Duncan arrived in Dallas, Texas on 20 September, intending to start a new life with his girlfriend.  But four days later, his fever was rising and he went to Texas Health Presbyterian Hospital in Dallas for help.  Despite being from West Africa where the Ebola Outbreak killed hundreds of people at that point, despite showing symptoms and running a fever, the hospital diagnosed him with a “low-grade, common viral disease” and sent him home with some Tylenol and antibiotics.

On the 28th, he returned to the medical center with explosive diarrhea, projectile vomiting, and out-of-control fever.  This is where the story gets even worse.

When the CDC arrived in Dallas to get control of the screw-ups, investigators found no protocols in place.  The nurses were wearing protective gear that was woefully not up to the challenge and “did allow exposure of some parts of the skin,” said Dr. Frieden.  Some workers were using three or four layers of gear, which becomes harder to remove, making the risk of contamination “much higher.”  There was no “buddy system” for removing the gear to help prevent exposure.
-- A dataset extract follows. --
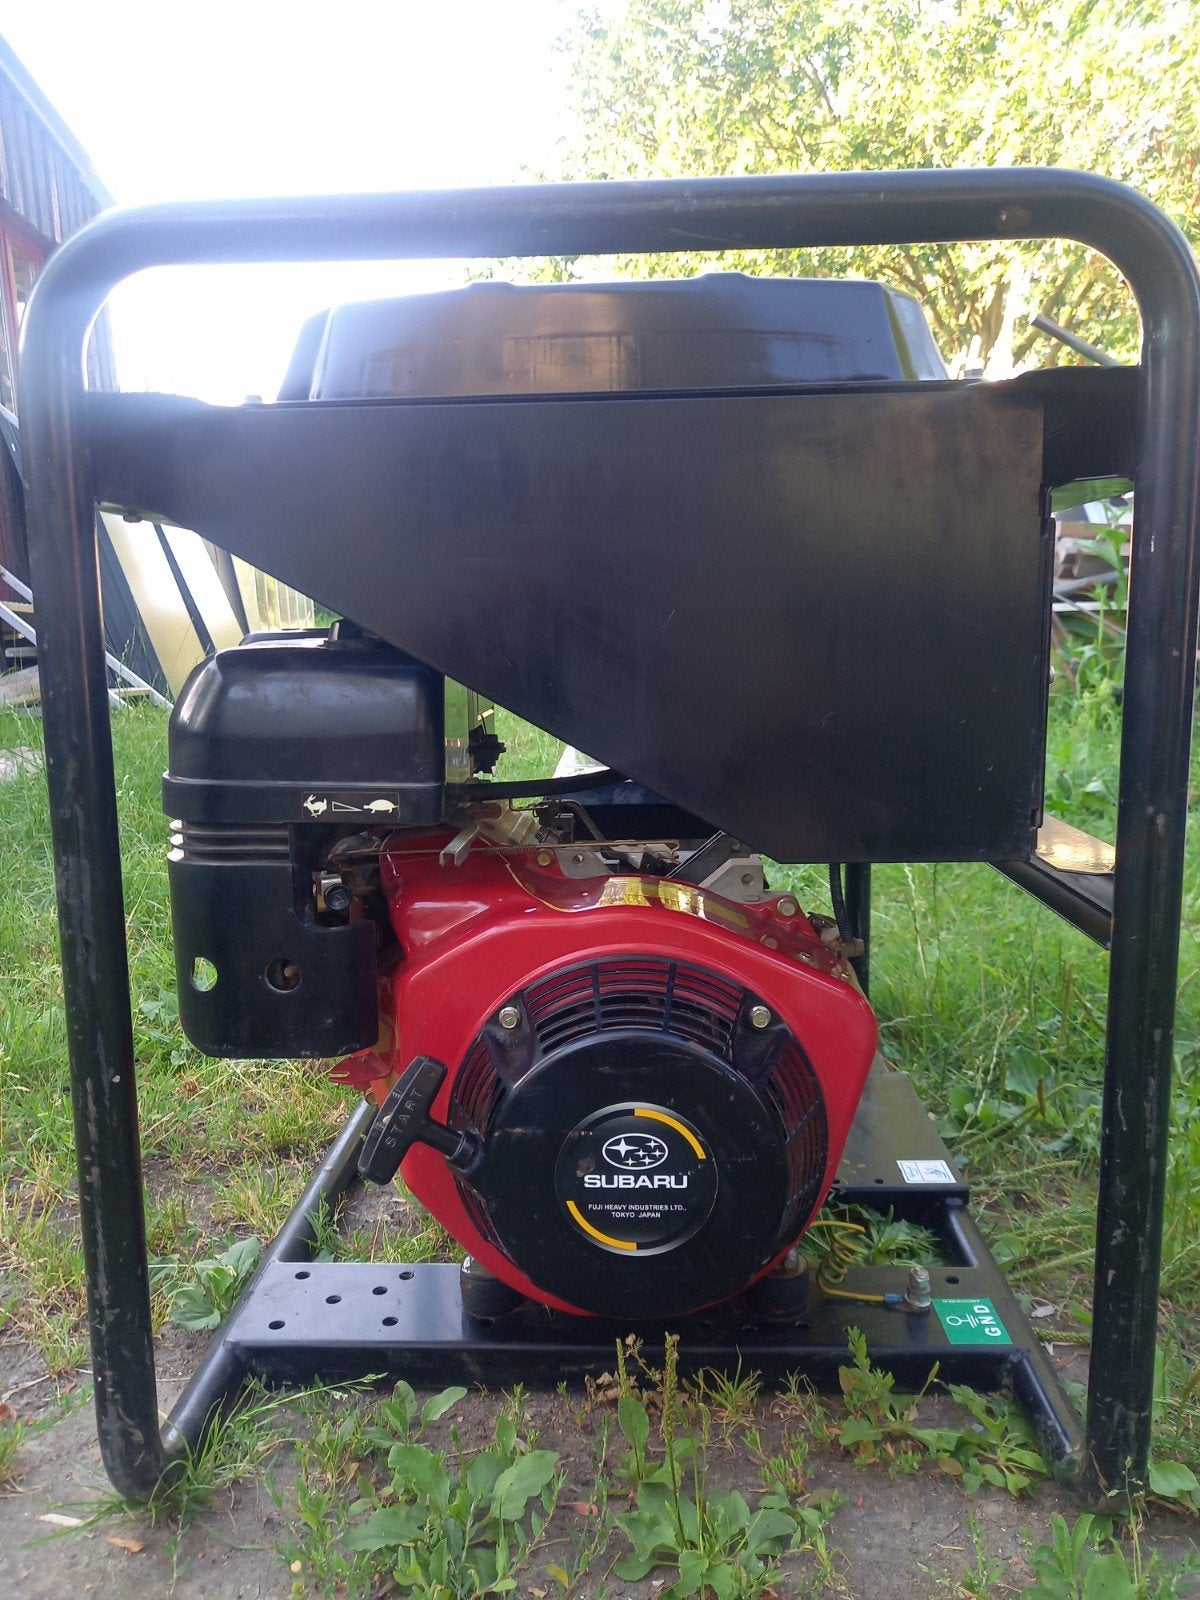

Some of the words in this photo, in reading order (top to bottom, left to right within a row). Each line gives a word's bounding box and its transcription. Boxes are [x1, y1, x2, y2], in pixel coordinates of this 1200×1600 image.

[385, 1087, 422, 1148] START
[583, 1174, 688, 1189] SUBARU
[973, 1305, 1002, 1337] GND
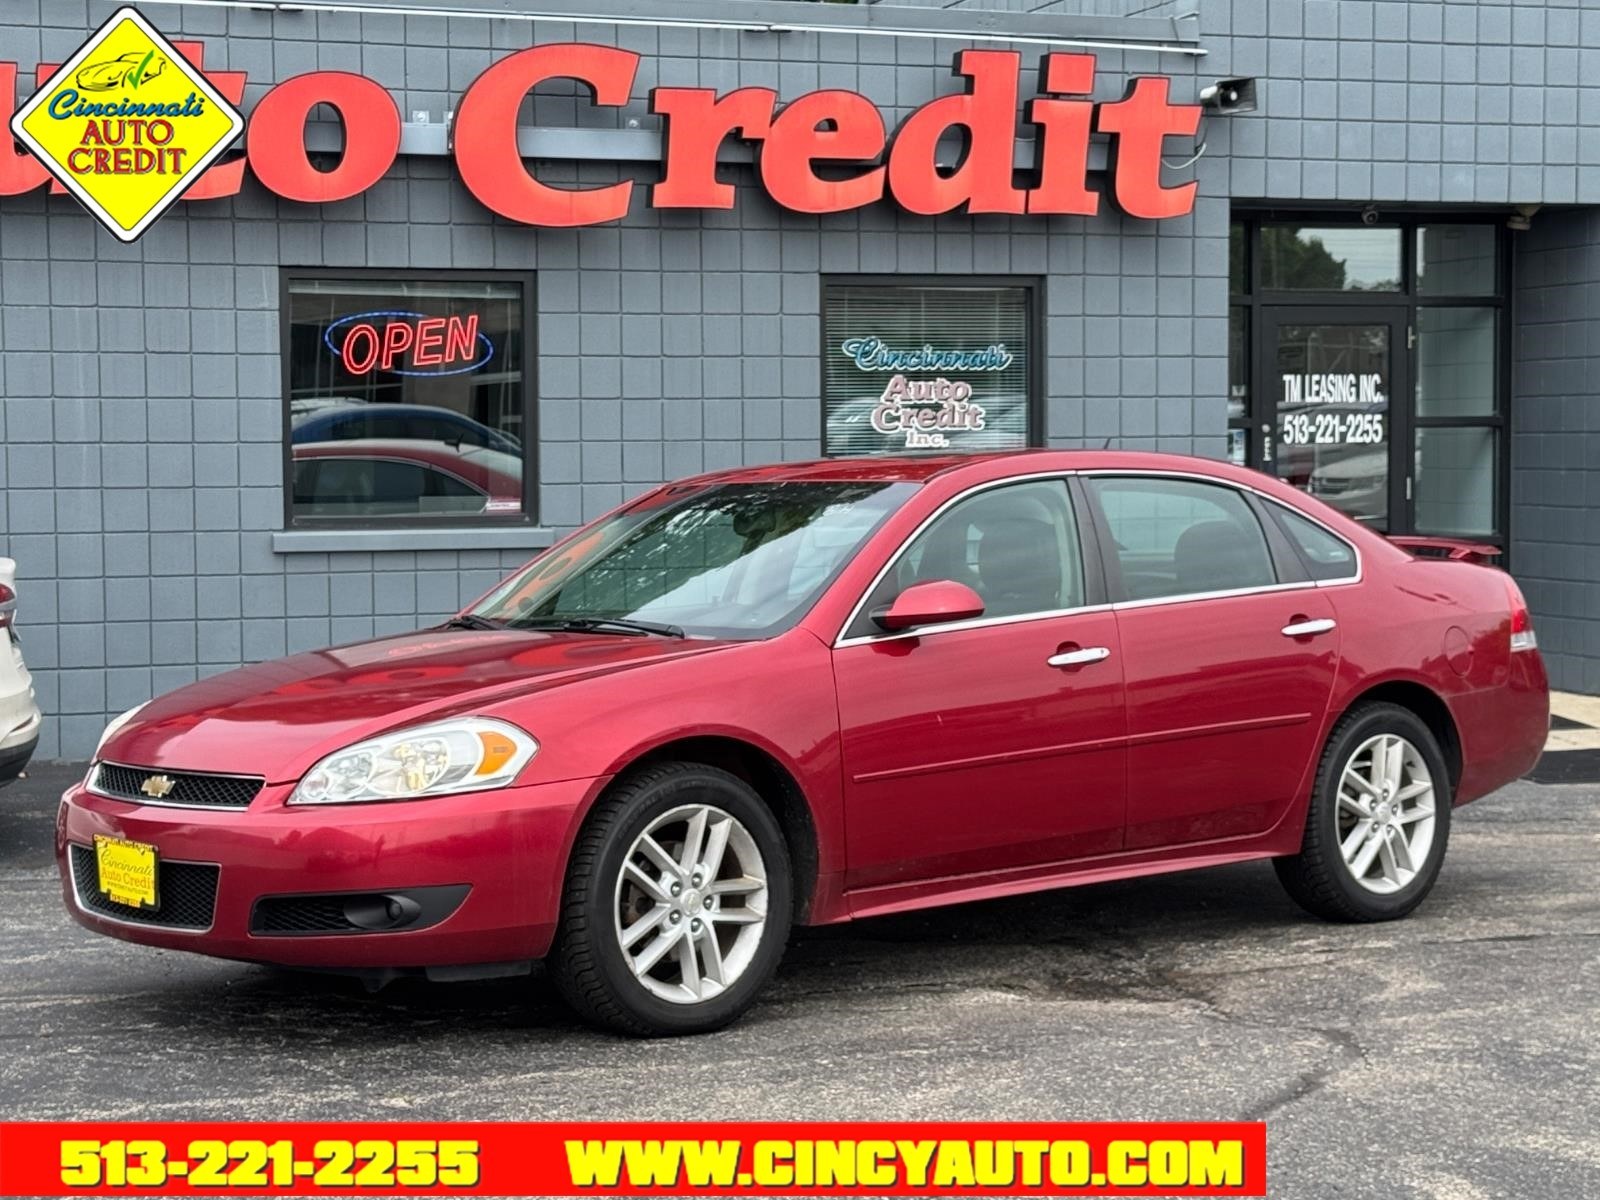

The national nurses union says the hospital also left Duncan for hours in an area with other patients, played down the need for more facemasks. and handled Duncan’s lab specimens without special seals.

“Were protocols breached?  The nurses say there were no protocols,” the group said in the statement.

“I have no reason to not believe what those nurses are saying at all,” said Dr. Anthony Fauci, director of the National Institute of Allergy and Infectious Diseases.  “If that’s true, that’s clearly not acceptable.”

Dallas health officials now say it is not unreasonable to expect more Ebola patients to be diagnosed.  They’re working up a legal framework to prevent more people connected to the hospital from traveling on commercial airplanes.

Nina Pham is reportedly in good condition today, but she is at least six days into the infection – when the symptoms typically increase in severity.  Amber Vinson was put on a special plane and flown to Atlanta, where she was admitted into Emory University’s isolation unit – the same unit that treated two American missionaries who were airlifted back from West Africa after they were infected.

And in Cleveland, cops quarantined the home that Amber Vinson visited, at the resident’s request.